Para o rapaz, cada momento da vida é um laboratório constante. Mas existe um problema sério. "Ao contrário do que acontece na ciência, você não consegue voltar às mesmas condições para repetir essas experiências. Vivemos vários experimentos o tempo todo. Então, qual teoria usar para explicá-los?" pergunta Guerrer, que de louco não tem nem nada.
Doroteia, o Fusca que virou lenda
Depois de voltar ao Brasil, em 2009, ele trabalhou por um ano no Rio de Janeiro, em uma empresa do mercado financeiro. "Tá vendo aquele apartamento de cobertura ali?", perguntou alguém durante a entrevista de emprego. "Ele pode ser seu se você se dedicar bastante."
Guerrer trabalhava 12 horas por dia em um ambiente agressivo e competitivo. Fã de escalada e interessado pelo medo, ele até aplicou algo de Física no seu novo trabalho. "Usei teorias para pesquisar bons pagadores. Foi a coisa mais criativa que fiz ali." Guerrer não arrematou o apartamento de cobertura, mas juntou um bom dinheiro e, aí sim, deu o passo redentor à sua grande jornada pessoal: comprou um Fusca.

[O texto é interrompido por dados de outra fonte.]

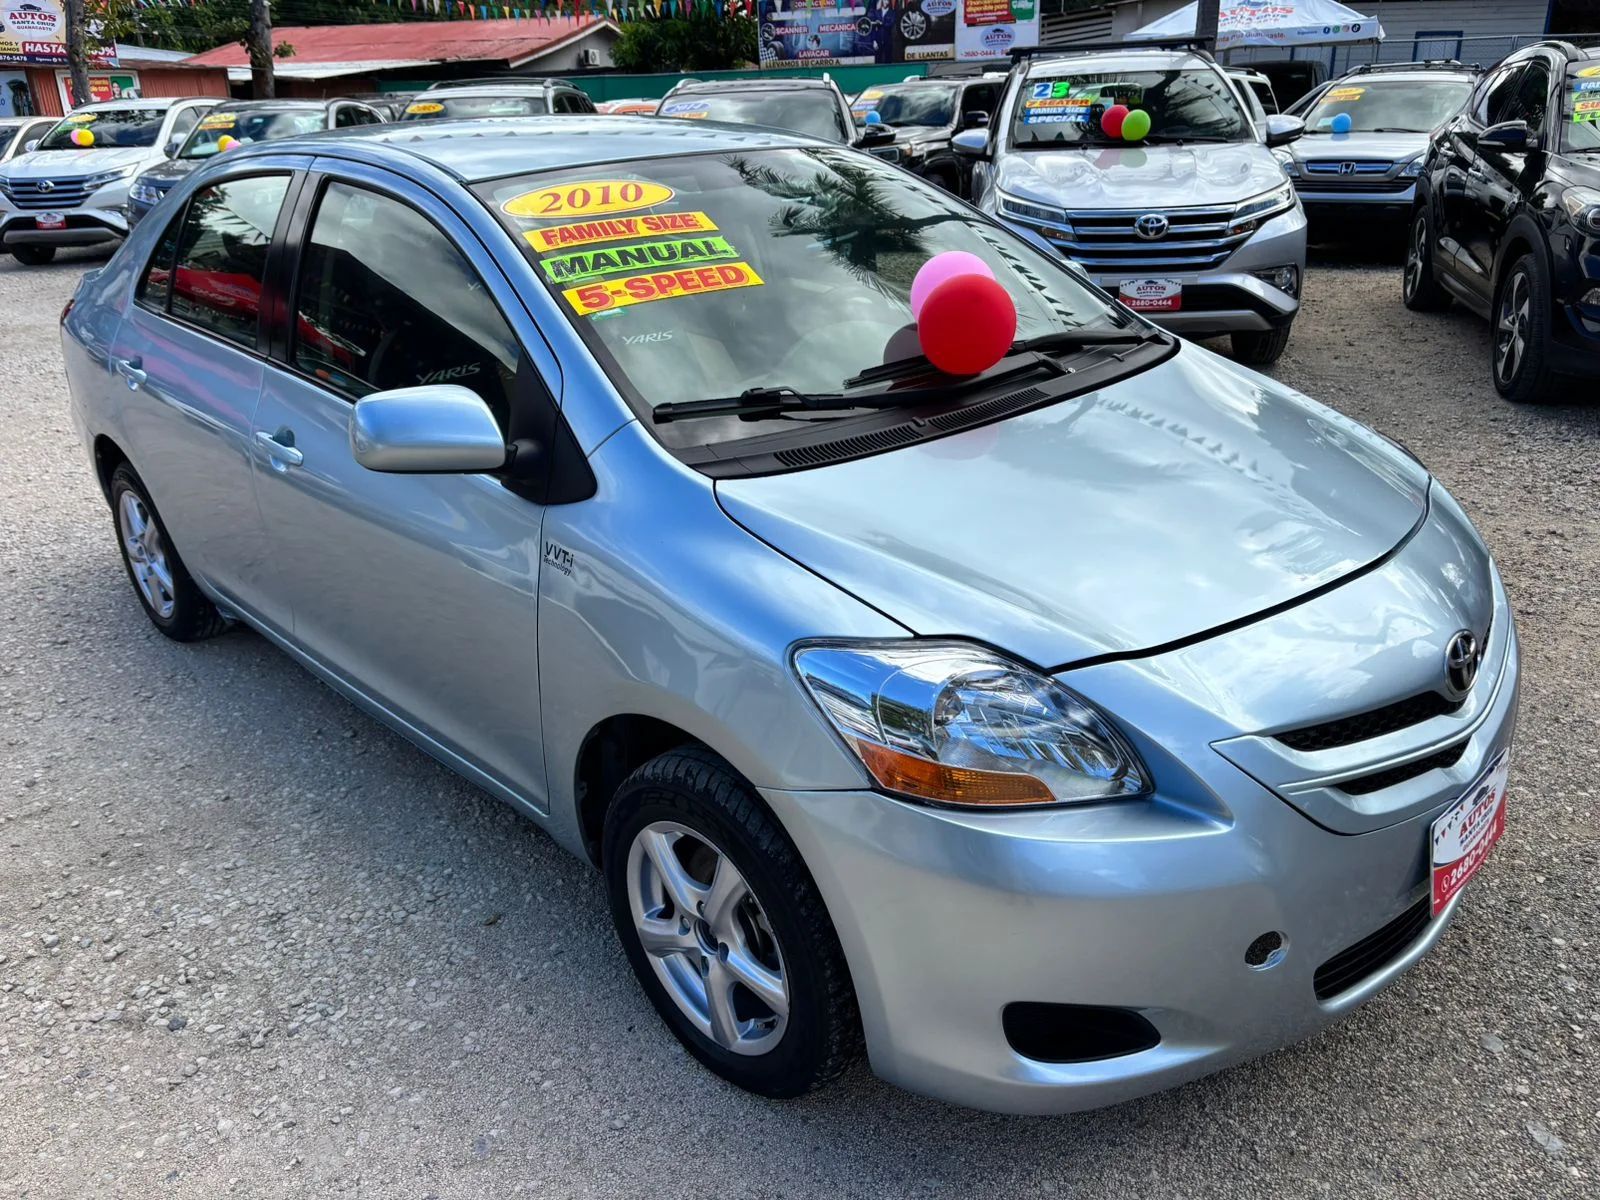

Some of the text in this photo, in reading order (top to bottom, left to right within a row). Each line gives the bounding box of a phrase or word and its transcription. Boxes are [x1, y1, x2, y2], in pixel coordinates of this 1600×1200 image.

[9, 12, 57, 22] AUTOS
[775, 26, 808, 35] SCANNER
[25, 42, 67, 54] HASTA
[1038, 99, 1090, 107] SEATER
[1065, 106, 1086, 114] SIZE
[1028, 115, 1085, 124] SPECIAL
[539, 183, 644, 214] 2010
[540, 213, 702, 248] FAMILY SIZE
[550, 239, 730, 279] MANUAL
[576, 265, 749, 309] 5-SPEED
[545, 541, 574, 567] VVT-i
[1459, 787, 1496, 839] AUTOS

Com a Doroteia esse era o nome do fusquinha branco, ano 74 rodou milhares de quilômetros pelo Brasil. Sozinho. "A Doroteia não tinha som. A única coisa que ouvia era aquele tatatatatatata do motor." A ideia era tirar um ano sabático e viajar, simples assim. "Depois de doze meses preso em uma gaiola, queria fazer as coisas do meu jeito. E aí começaram a acontecer coisas fantásticas. Comecei a entender qual o objetivo da viagem: me conhecer." Foram 11 meses de viagem, mais de 100 cidades visitadas e um episódio que até os físicos duvidariam.
Além de doutor, conhecedor do mercado financeiro, praticante de escalada e exímio violonista, Gabriel Guerrer é lenda em São Bento do Sapucaí, cidadezinha do interior de São Paulo. Foi lá que a Doroteia, sem mais nem menos, ardeu em chamas. "Estava numa subida e o Fusca parou. Alguém atrás gritou fogo, fogo!. O extintor quebrou, as pessoas começaram a jogar terra, e aí correram porque pensaram que ia explodir", recorda.

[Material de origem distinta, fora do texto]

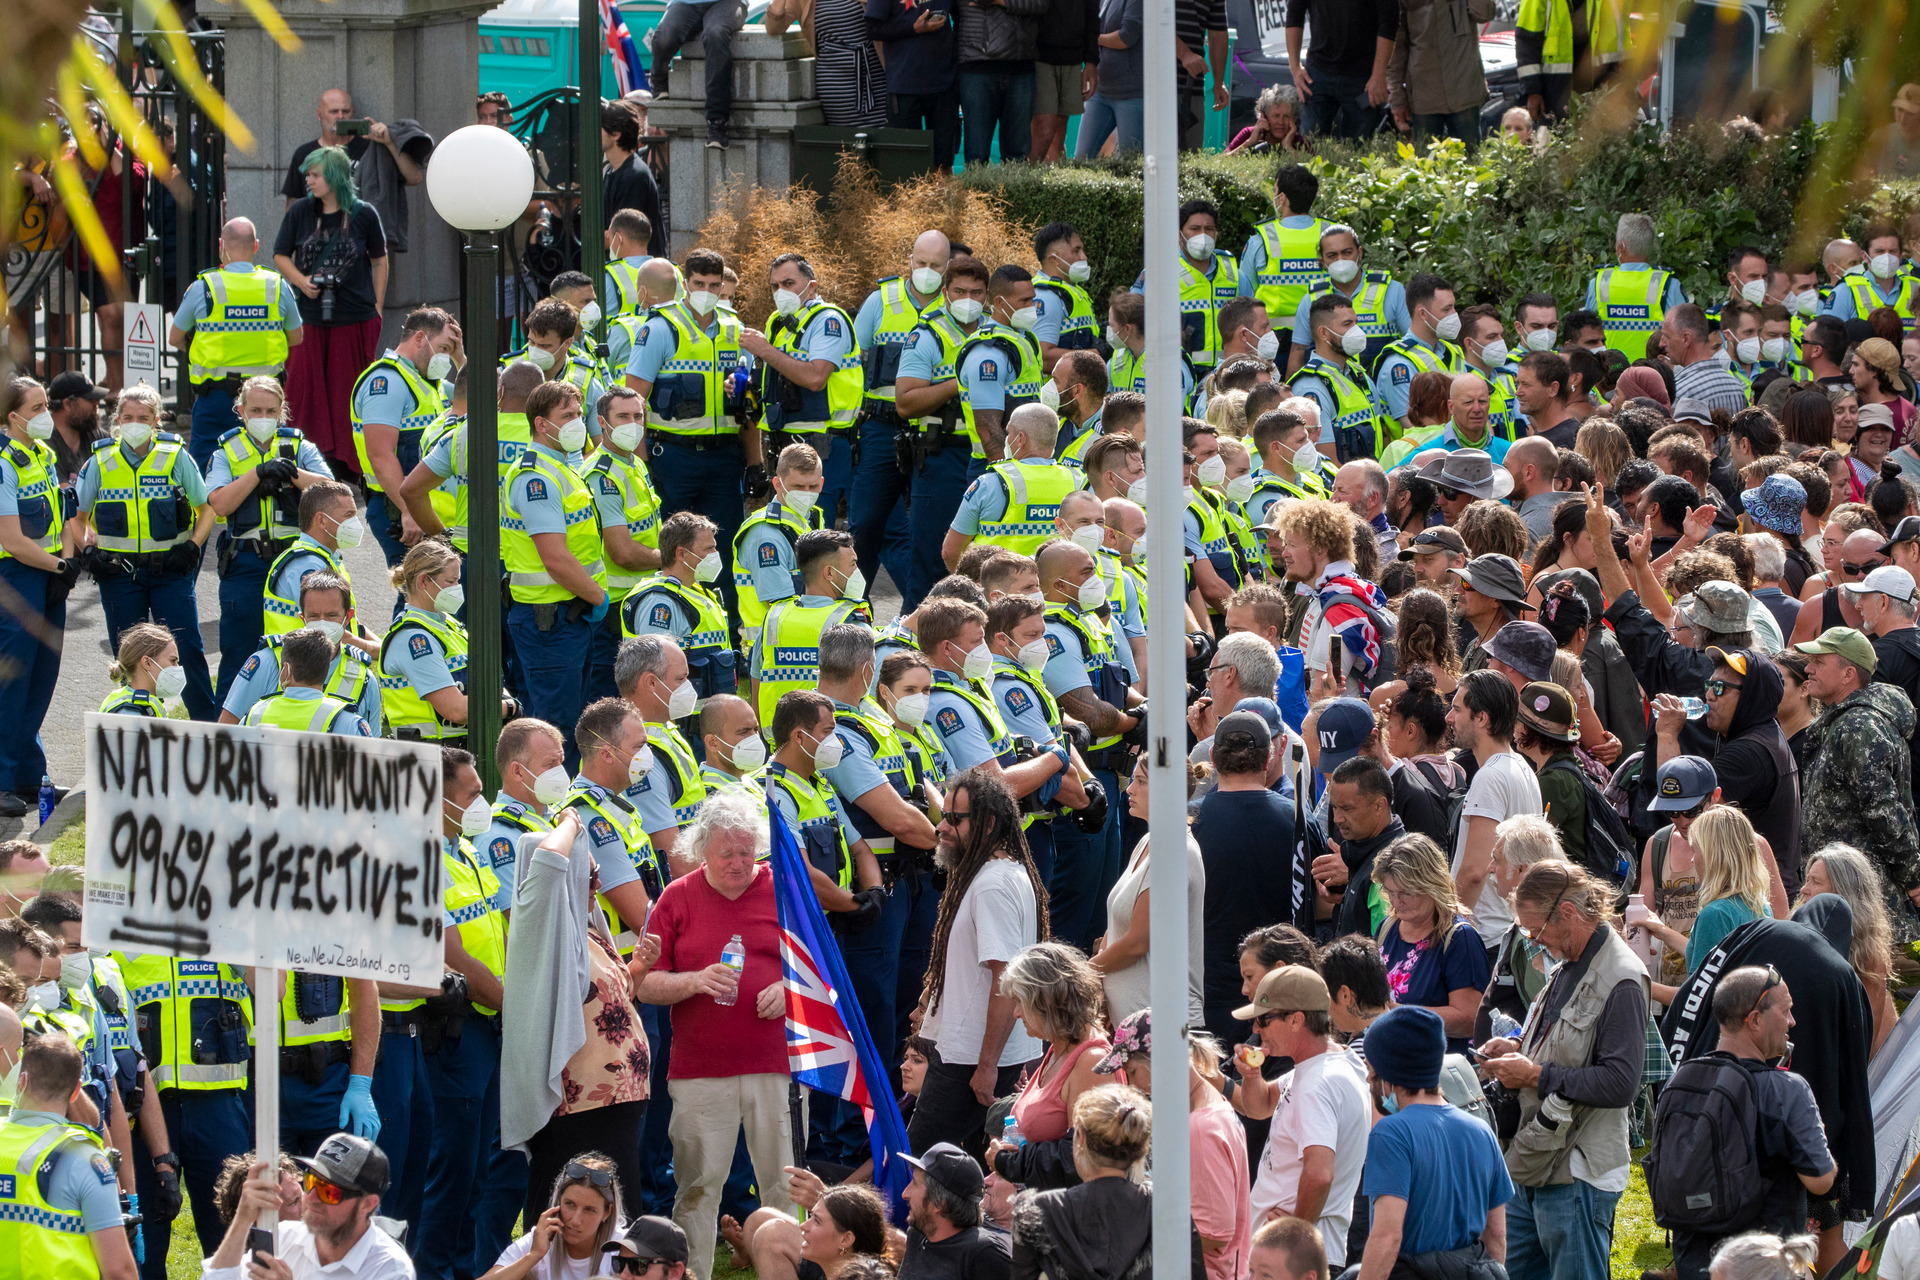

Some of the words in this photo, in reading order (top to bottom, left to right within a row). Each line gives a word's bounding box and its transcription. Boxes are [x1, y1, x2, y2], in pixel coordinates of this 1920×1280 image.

O fogo arrebentou o cabo do freio de mão e o Fusca se transformou em uma perigosa bola de fogo, que descia rapidamente em direção a carros e curiosos. "Do nada, o volante vira e ela estaciona perfeitamente na calçada. A última piada da Doroteia foi essa", diz, baixando a voz. "Foi muito quântico."
Eis que surge Dorival
Hoje, dizem que cobram ingresso para ver o que restou do Fusca, que virou atração turística da pacata cidade. Como bom homem "quântico", Gabriel procurou compreender o que aquilo significava "era o fim de um relacionamento", diz. A viagem de 20 mil quilômetros continuou com Dorival, um Gol, também branco, ano 98. O curitibano se meteu em rincões do Brasil, encontrou comunidades tribais no Maranhão e ouviu histórias sobre seres estranhos e lendas que atravessam séculos. "Quando o observador está longe, tudo pode acontecer", justifica.